• TASK INSTRUCTIONS
The result should be a full, exact repeat of the entries, free of pictures.

SOURCE DATA START

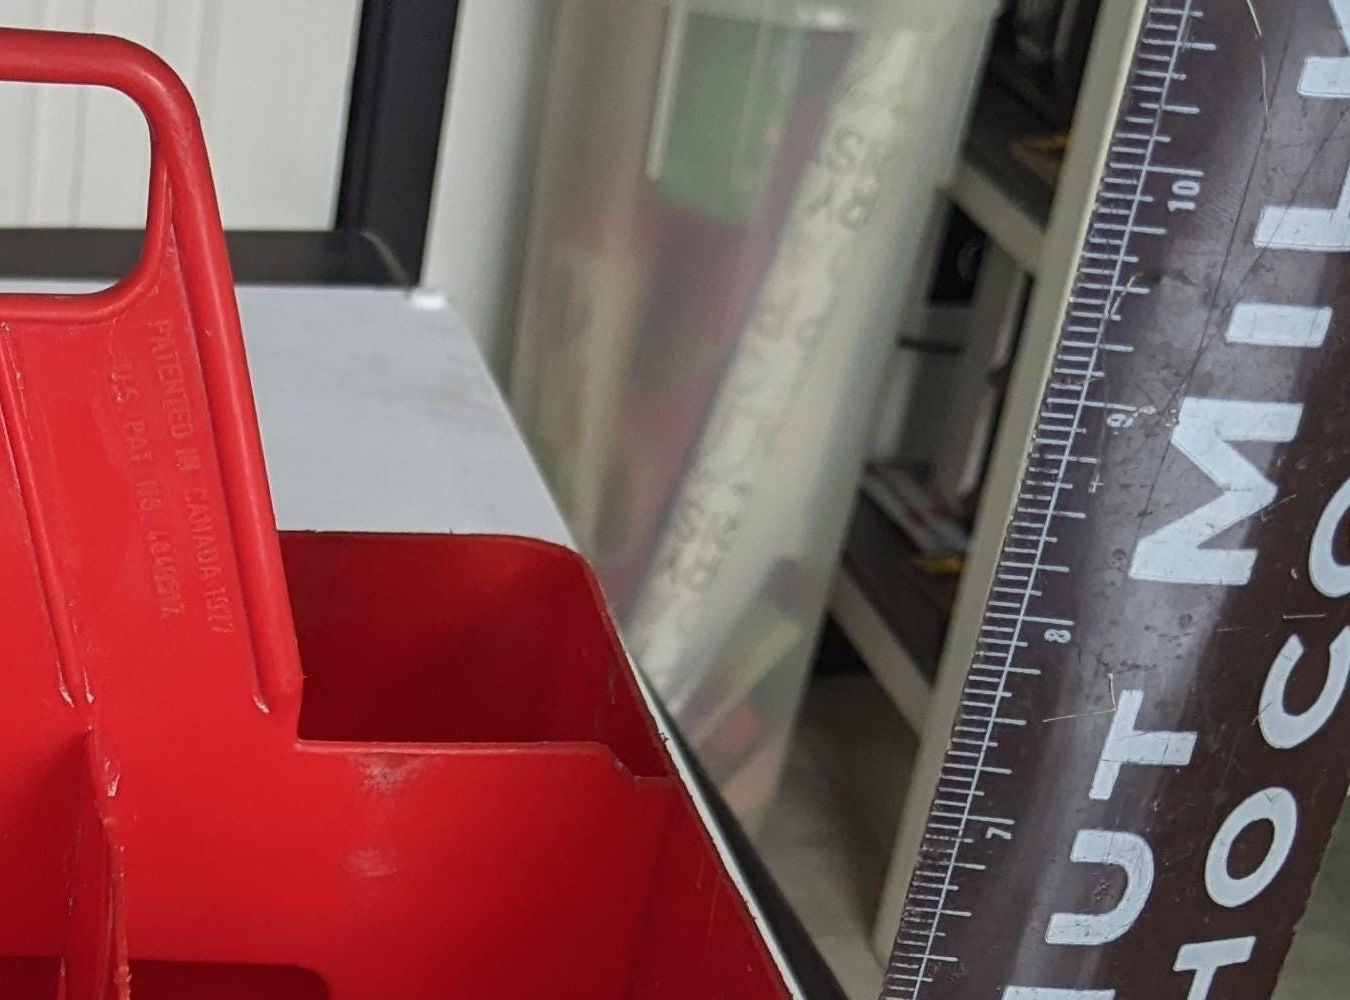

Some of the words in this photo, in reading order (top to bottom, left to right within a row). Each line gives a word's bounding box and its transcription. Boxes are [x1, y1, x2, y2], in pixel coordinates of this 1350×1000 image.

[1166, 179, 1201, 212] 10
[151, 318, 193, 438] PATENTED
[1105, 412, 1135, 428] 9
[176, 449, 201, 473] IN
[184, 487, 223, 579] CANADA
[1043, 628, 1072, 643] 8
[985, 826, 1013, 840] 7

SOURCE DATA END

• TASK ANSWER
Some of the words in this photo, in reading order (top to bottom, left to right within a row). Each line gives a word's bounding box and its transcription. Boxes are [x1, y1, x2, y2], in pixel coordinates of this 1350×1000 image.

[1166, 179, 1201, 212] 10
[151, 318, 193, 438] PATENTED
[1105, 412, 1135, 428] 9
[176, 449, 201, 473] IN
[184, 487, 223, 579] CANADA
[1043, 628, 1072, 643] 8
[985, 826, 1013, 840] 7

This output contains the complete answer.